Durante a entrevista, Ricardo “fala sigilosamente” de um outro filho que a atual namorada, srta. P., estaria esperando. Relata a dificuldade da moça para comunicar a notícia ao pai e o medo desta em relação à reação dele. Segundo o adolescente, a namorada estaria pensando em fazer um aborto, idéia que foi repudiada por ele, mas não comunicada à família de Ricardo, numa tentativa de preservar a imagem da moça. O adolescente imagina que, se a segunda experiência de paternidade acontecer, será diferente, pois ele está envolvido com a namorada atual – com quem se relaciona há sete meses – e que, segundo ele, é mais dependente e precisa mais dele.

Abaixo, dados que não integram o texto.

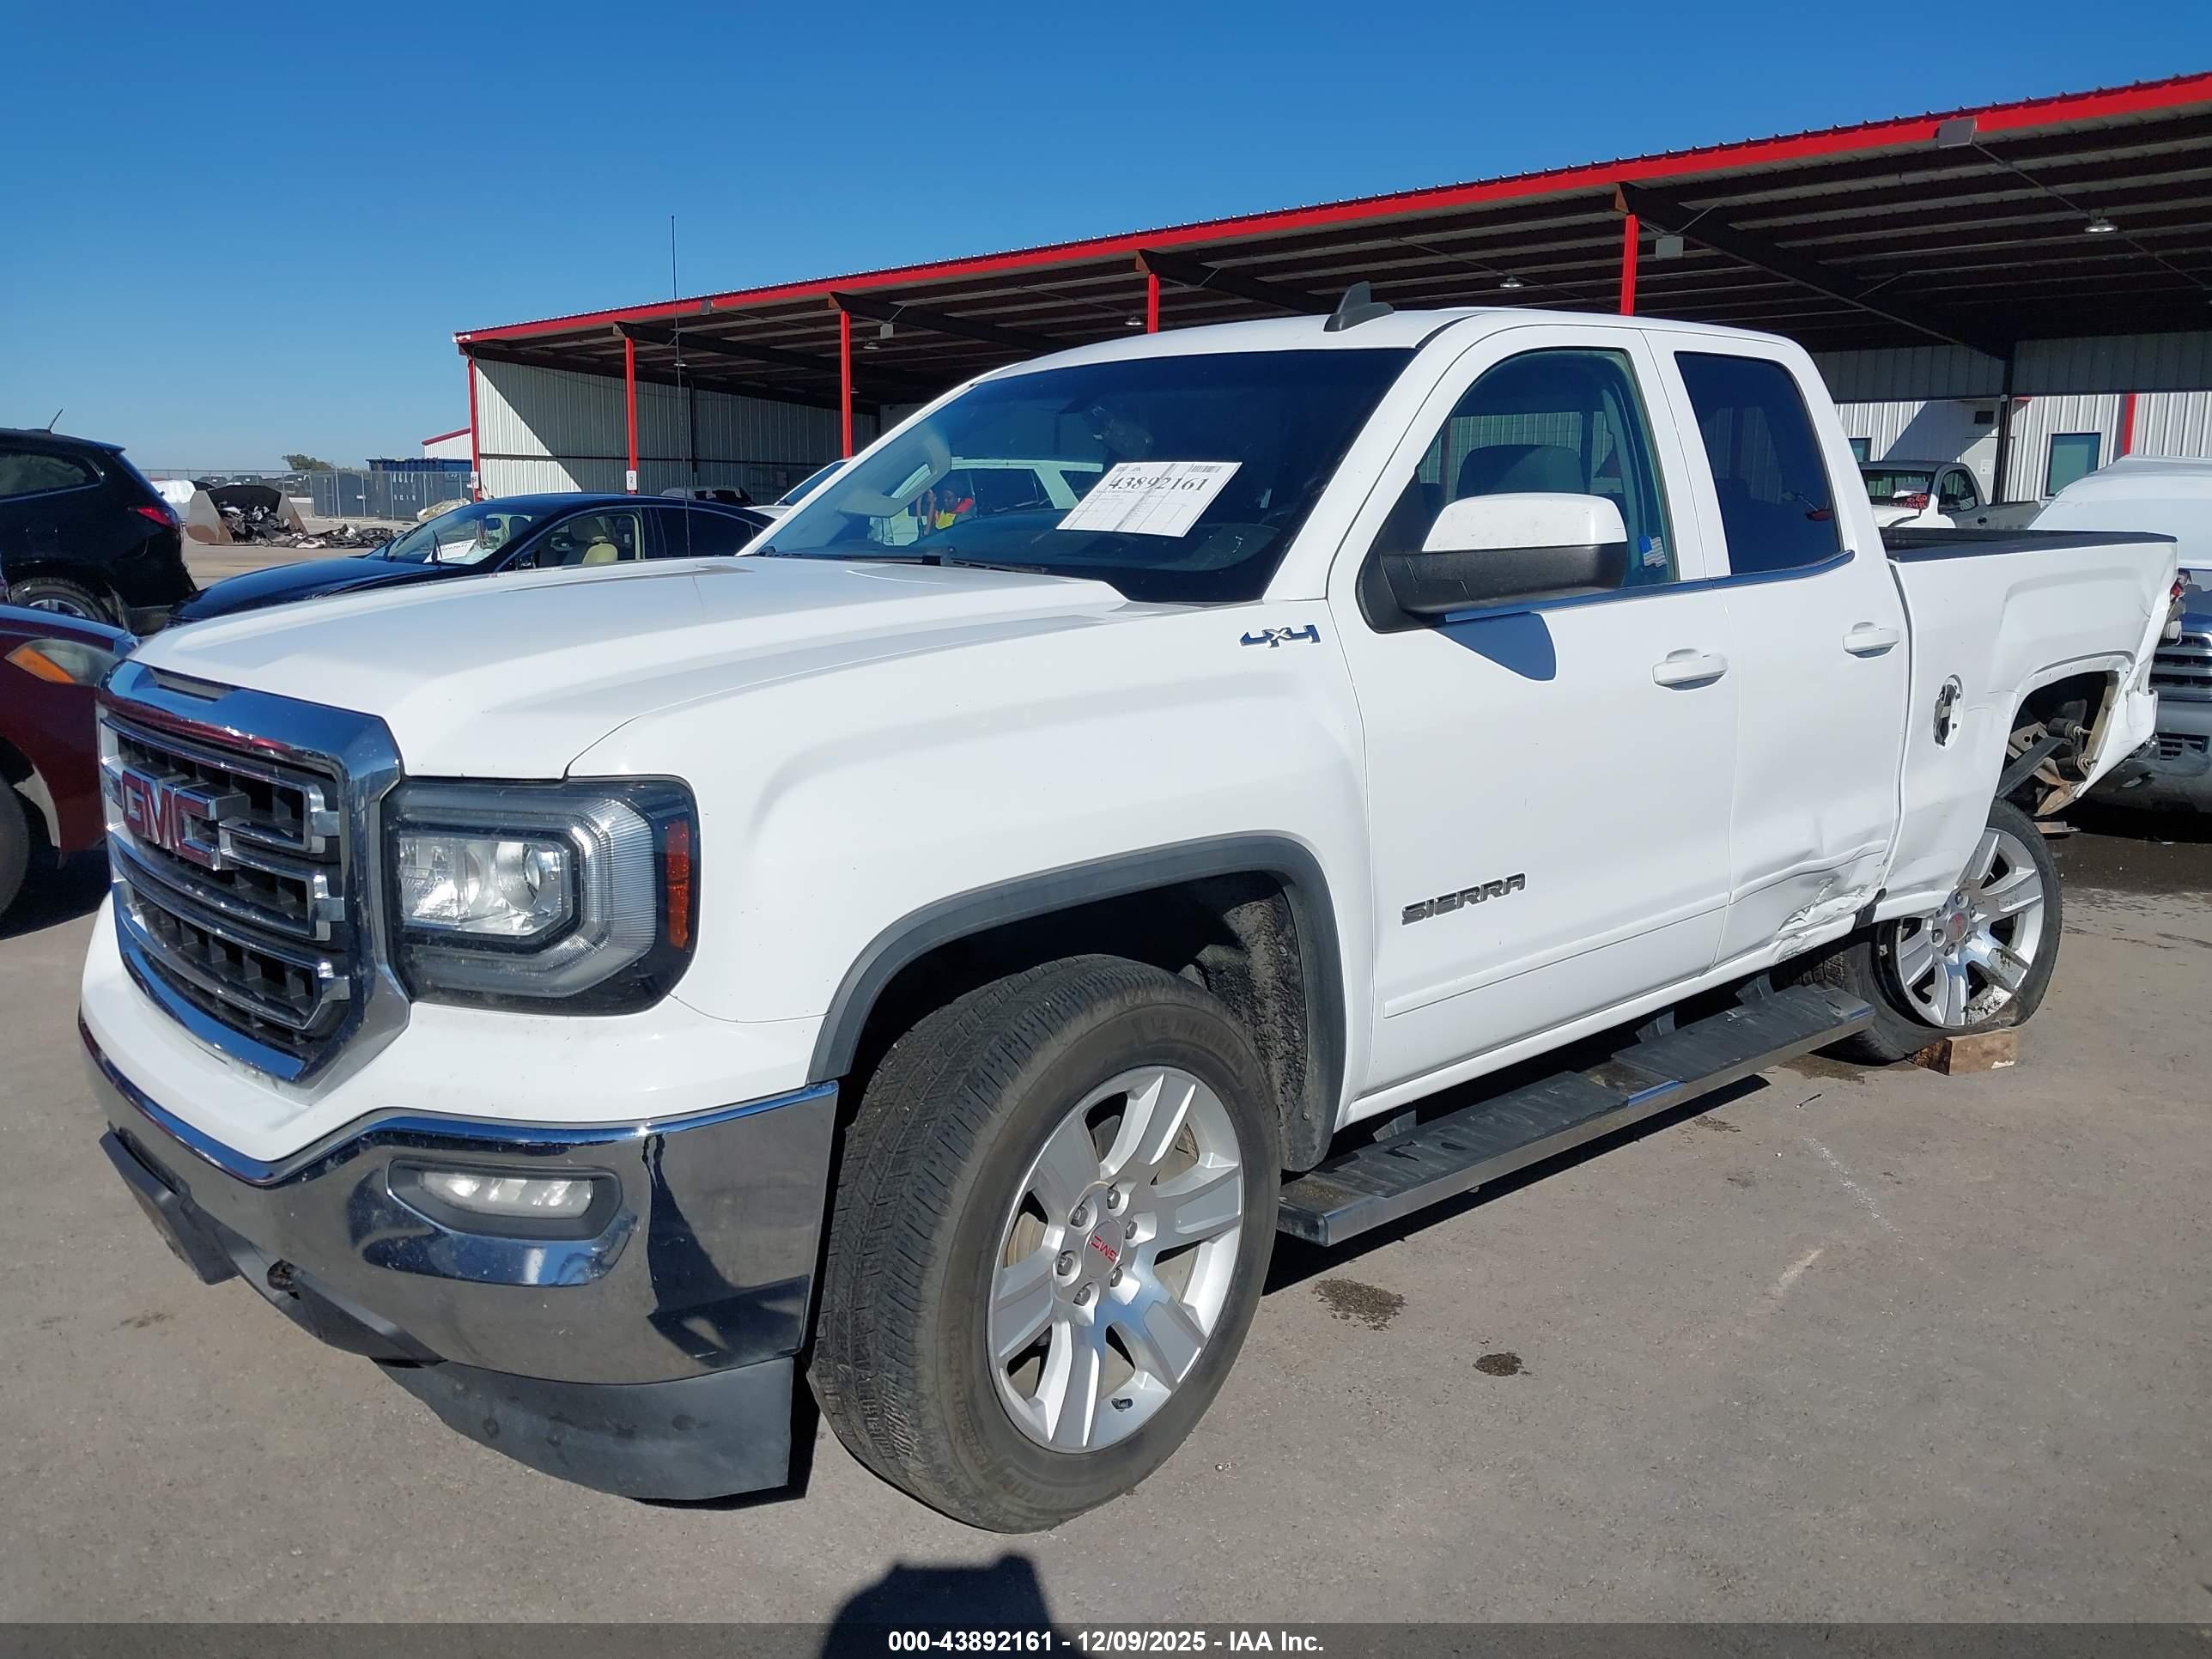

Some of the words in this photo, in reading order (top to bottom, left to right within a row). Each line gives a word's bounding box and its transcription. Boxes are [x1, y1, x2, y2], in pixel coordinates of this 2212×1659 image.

[1109, 477, 1210, 491] 43892161
[122, 769, 221, 869] GMC
[1401, 872, 1526, 926] SIERRA
[1091, 1235, 1117, 1263] GMC

Apesar desses sentimentos, Ricardo não tem planos de constituir uma família com a namorada e com o filho. Seus planos dizem respeito exclusivamente a si próprio: continuar os estudos, talvez arrumar um trabalho e não sair da casa do pai, que, segundo o adolescente, já está coroa e precisa de alguém que cuide dele (na realidade, a situação é inversa).

Situação familiar da mãe-adolescente

P. tem 17 anos, é estudante e mora com os pais. Discussão

No final da entrevista, coloquei-me à disposição para conversar com a companheira de Ricardo e para ajudá-los em relação à experiência que estavam vivendo. Fiquei sabendo, posteriormente, pelos técnicos do CDS, que o segredo de Ricardo, a respeito da gravidez da namorada, era um “segredo de Polichinelo”. Independentemente de ser ou não um “verdadeiro segredo”, fiquei atenta para a mensagem que veio com ele: seria um pedido para que alguém estivesse ao lado dele neste momento ou apenas uma mensagem de conteúdo exibicionista, através da qual o adolescente comunicava exclusivamente a sua competência viril?

Apesar da minha disponibilidade e presença constante no CDS, Ricardo não voltou a me procurar. Em dezembro de 2005, por intermédio da equipe de técnicos do CDS, responsável pelo acompanhamento do adolescente, soube que ele havia reincidido na trajetória infracional.